=== Data for analysis ===
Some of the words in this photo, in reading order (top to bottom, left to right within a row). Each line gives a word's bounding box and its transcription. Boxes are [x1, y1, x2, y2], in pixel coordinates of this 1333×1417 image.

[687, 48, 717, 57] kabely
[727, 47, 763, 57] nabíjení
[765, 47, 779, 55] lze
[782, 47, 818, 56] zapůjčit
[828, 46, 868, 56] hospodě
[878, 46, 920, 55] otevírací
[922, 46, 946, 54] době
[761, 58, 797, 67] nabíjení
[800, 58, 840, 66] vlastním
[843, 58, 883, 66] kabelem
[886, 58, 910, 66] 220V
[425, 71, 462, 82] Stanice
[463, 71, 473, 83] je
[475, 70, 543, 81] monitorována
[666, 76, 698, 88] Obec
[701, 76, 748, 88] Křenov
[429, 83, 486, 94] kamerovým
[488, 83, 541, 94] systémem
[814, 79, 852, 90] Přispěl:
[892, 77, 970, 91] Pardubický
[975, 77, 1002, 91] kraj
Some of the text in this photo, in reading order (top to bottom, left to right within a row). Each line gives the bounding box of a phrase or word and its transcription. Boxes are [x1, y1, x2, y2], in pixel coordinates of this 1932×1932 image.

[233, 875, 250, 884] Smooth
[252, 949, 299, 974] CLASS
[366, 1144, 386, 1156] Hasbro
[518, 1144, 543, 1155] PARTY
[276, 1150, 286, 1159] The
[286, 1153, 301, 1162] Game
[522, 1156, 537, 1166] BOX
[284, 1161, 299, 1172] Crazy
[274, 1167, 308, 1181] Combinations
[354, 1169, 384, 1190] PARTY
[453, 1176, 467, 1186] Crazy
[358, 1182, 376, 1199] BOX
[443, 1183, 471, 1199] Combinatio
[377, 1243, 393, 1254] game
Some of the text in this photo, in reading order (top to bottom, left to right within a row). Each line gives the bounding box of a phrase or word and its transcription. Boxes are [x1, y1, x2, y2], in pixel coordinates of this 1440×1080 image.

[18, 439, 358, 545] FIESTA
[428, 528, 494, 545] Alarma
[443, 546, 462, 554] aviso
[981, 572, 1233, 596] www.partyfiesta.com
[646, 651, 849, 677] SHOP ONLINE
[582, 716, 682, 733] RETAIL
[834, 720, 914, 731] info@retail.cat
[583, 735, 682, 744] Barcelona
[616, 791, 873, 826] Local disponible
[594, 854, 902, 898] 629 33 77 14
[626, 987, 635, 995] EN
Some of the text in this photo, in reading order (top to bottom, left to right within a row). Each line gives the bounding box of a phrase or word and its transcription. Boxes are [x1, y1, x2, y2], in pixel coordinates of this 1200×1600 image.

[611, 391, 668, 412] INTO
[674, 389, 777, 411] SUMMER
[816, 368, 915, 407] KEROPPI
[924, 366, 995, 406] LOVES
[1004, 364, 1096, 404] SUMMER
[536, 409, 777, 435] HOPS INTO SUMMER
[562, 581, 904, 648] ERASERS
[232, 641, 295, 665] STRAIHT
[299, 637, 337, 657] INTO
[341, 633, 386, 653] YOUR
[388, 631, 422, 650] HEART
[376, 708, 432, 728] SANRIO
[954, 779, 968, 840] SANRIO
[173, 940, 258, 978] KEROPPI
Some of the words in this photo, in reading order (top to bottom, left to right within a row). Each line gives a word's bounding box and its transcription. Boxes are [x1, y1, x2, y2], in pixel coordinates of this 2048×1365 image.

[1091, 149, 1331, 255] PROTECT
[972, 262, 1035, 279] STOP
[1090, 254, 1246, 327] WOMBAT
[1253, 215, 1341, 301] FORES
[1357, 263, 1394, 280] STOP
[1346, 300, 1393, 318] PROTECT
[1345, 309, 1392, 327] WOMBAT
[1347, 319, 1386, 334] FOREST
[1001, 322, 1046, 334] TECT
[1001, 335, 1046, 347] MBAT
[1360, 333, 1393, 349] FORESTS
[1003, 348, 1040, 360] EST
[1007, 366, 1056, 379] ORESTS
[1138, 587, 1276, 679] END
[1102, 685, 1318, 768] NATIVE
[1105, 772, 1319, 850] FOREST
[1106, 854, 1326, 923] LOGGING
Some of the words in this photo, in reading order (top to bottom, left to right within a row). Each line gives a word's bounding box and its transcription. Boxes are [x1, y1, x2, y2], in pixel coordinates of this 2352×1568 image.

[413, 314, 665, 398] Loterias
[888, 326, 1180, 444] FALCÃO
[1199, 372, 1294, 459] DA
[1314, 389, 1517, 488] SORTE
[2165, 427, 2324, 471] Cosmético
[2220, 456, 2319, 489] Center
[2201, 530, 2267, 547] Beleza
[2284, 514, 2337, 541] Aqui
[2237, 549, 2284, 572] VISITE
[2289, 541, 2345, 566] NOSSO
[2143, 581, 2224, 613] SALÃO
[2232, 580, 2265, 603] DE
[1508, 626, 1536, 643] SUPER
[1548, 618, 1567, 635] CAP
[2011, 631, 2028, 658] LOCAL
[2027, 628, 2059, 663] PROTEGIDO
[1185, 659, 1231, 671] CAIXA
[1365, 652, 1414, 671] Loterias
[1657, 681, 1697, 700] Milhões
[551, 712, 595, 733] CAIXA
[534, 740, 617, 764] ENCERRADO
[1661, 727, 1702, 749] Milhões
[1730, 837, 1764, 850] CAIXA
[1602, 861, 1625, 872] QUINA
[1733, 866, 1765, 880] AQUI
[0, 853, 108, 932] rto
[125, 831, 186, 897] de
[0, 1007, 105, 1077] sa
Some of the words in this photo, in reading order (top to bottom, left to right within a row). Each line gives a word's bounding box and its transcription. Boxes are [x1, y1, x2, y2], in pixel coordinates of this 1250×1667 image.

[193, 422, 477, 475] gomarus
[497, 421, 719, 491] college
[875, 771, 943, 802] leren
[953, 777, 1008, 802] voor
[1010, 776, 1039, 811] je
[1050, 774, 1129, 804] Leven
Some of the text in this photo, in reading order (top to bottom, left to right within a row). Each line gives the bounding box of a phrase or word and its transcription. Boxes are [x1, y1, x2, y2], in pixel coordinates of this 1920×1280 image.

=== Activity ===
Once you have read the data, copy all of it out exactly.

=== Exercise result ===
Some of the words in this photo, in reading order (top to bottom, left to right within a row). Each line gives a word's bounding box and its transcription. Boxes are [x1, y1, x2, y2], in pixel coordinates of this 1333×1417 image.

[687, 48, 717, 57] kabely
[727, 47, 763, 57] nabíjení
[765, 47, 779, 55] lze
[782, 47, 818, 56] zapůjčit
[828, 46, 868, 56] hospodě
[878, 46, 920, 55] otevírací
[922, 46, 946, 54] době
[761, 58, 797, 67] nabíjení
[800, 58, 840, 66] vlastním
[843, 58, 883, 66] kabelem
[886, 58, 910, 66] 220V
[425, 71, 462, 82] Stanice
[463, 71, 473, 83] je
[475, 70, 543, 81] monitorována
[666, 76, 698, 88] Obec
[701, 76, 748, 88] Křenov
[429, 83, 486, 94] kamerovým
[488, 83, 541, 94] systémem
[814, 79, 852, 90] Přispěl:
[892, 77, 970, 91] Pardubický
[975, 77, 1002, 91] kraj
Some of the text in this photo, in reading order (top to bottom, left to right within a row). Each line gives the bounding box of a phrase or word and its transcription. Boxes are [x1, y1, x2, y2], in pixel coordinates of this 1932×1932 image.

[233, 875, 250, 884] Smooth
[252, 949, 299, 974] CLASS
[366, 1144, 386, 1156] Hasbro
[518, 1144, 543, 1155] PARTY
[276, 1150, 286, 1159] The
[286, 1153, 301, 1162] Game
[522, 1156, 537, 1166] BOX
[284, 1161, 299, 1172] Crazy
[274, 1167, 308, 1181] Combinations
[354, 1169, 384, 1190] PARTY
[453, 1176, 467, 1186] Crazy
[358, 1182, 376, 1199] BOX
[443, 1183, 471, 1199] Combinatio
[377, 1243, 393, 1254] game
Some of the text in this photo, in reading order (top to bottom, left to right within a row). Each line gives the bounding box of a phrase or word and its transcription. Boxes are [x1, y1, x2, y2], in pixel coordinates of this 1440×1080 image.

[18, 439, 358, 545] FIESTA
[428, 528, 494, 545] Alarma
[443, 546, 462, 554] aviso
[981, 572, 1233, 596] www.partyfiesta.com
[646, 651, 849, 677] SHOP ONLINE
[582, 716, 682, 733] RETAIL
[834, 720, 914, 731] info@retail.cat
[583, 735, 682, 744] Barcelona
[616, 791, 873, 826] Local disponible
[594, 854, 902, 898] 629 33 77 14
[626, 987, 635, 995] EN
Some of the text in this photo, in reading order (top to bottom, left to right within a row). Each line gives the bounding box of a phrase or word and its transcription. Boxes are [x1, y1, x2, y2], in pixel coordinates of this 1200×1600 image.

[611, 391, 668, 412] INTO
[674, 389, 777, 411] SUMMER
[816, 368, 915, 407] KEROPPI
[924, 366, 995, 406] LOVES
[1004, 364, 1096, 404] SUMMER
[536, 409, 777, 435] HOPS INTO SUMMER
[562, 581, 904, 648] ERASERS
[232, 641, 295, 665] STRAIHT
[299, 637, 337, 657] INTO
[341, 633, 386, 653] YOUR
[388, 631, 422, 650] HEART
[376, 708, 432, 728] SANRIO
[954, 779, 968, 840] SANRIO
[173, 940, 258, 978] KEROPPI
Some of the words in this photo, in reading order (top to bottom, left to right within a row). Each line gives a word's bounding box and its transcription. Boxes are [x1, y1, x2, y2], in pixel coordinates of this 2048×1365 image.

[1091, 149, 1331, 255] PROTECT
[972, 262, 1035, 279] STOP
[1090, 254, 1246, 327] WOMBAT
[1253, 215, 1341, 301] FORES
[1357, 263, 1394, 280] STOP
[1346, 300, 1393, 318] PROTECT
[1345, 309, 1392, 327] WOMBAT
[1347, 319, 1386, 334] FOREST
[1001, 322, 1046, 334] TECT
[1001, 335, 1046, 347] MBAT
[1360, 333, 1393, 349] FORESTS
[1003, 348, 1040, 360] EST
[1007, 366, 1056, 379] ORESTS
[1138, 587, 1276, 679] END
[1102, 685, 1318, 768] NATIVE
[1105, 772, 1319, 850] FOREST
[1106, 854, 1326, 923] LOGGING
Some of the words in this photo, in reading order (top to bottom, left to right within a row). Each line gives a word's bounding box and its transcription. Boxes are [x1, y1, x2, y2], in pixel coordinates of this 2352×1568 image.

[413, 314, 665, 398] Loterias
[888, 326, 1180, 444] FALCÃO
[1199, 372, 1294, 459] DA
[1314, 389, 1517, 488] SORTE
[2165, 427, 2324, 471] Cosmético
[2220, 456, 2319, 489] Center
[2201, 530, 2267, 547] Beleza
[2284, 514, 2337, 541] Aqui
[2237, 549, 2284, 572] VISITE
[2289, 541, 2345, 566] NOSSO
[2143, 581, 2224, 613] SALÃO
[2232, 580, 2265, 603] DE
[1508, 626, 1536, 643] SUPER
[1548, 618, 1567, 635] CAP
[2011, 631, 2028, 658] LOCAL
[2027, 628, 2059, 663] PROTEGIDO
[1185, 659, 1231, 671] CAIXA
[1365, 652, 1414, 671] Loterias
[1657, 681, 1697, 700] Milhões
[551, 712, 595, 733] CAIXA
[534, 740, 617, 764] ENCERRADO
[1661, 727, 1702, 749] Milhões
[1730, 837, 1764, 850] CAIXA
[1602, 861, 1625, 872] QUINA
[1733, 866, 1765, 880] AQUI
[0, 853, 108, 932] rto
[125, 831, 186, 897] de
[0, 1007, 105, 1077] sa
Some of the words in this photo, in reading order (top to bottom, left to right within a row). Each line gives a word's bounding box and its transcription. Boxes are [x1, y1, x2, y2], in pixel coordinates of this 1250×1667 image.

[193, 422, 477, 475] gomarus
[497, 421, 719, 491] college
[875, 771, 943, 802] leren
[953, 777, 1008, 802] voor
[1010, 776, 1039, 811] je
[1050, 774, 1129, 804] Leven
Some of the text in this photo, in reading order (top to bottom, left to right within a row). Each line gives the bounding box of a phrase or word and its transcription. Boxes are [x1, y1, x2, y2], in pixel coordinates of this 1920×1280 image.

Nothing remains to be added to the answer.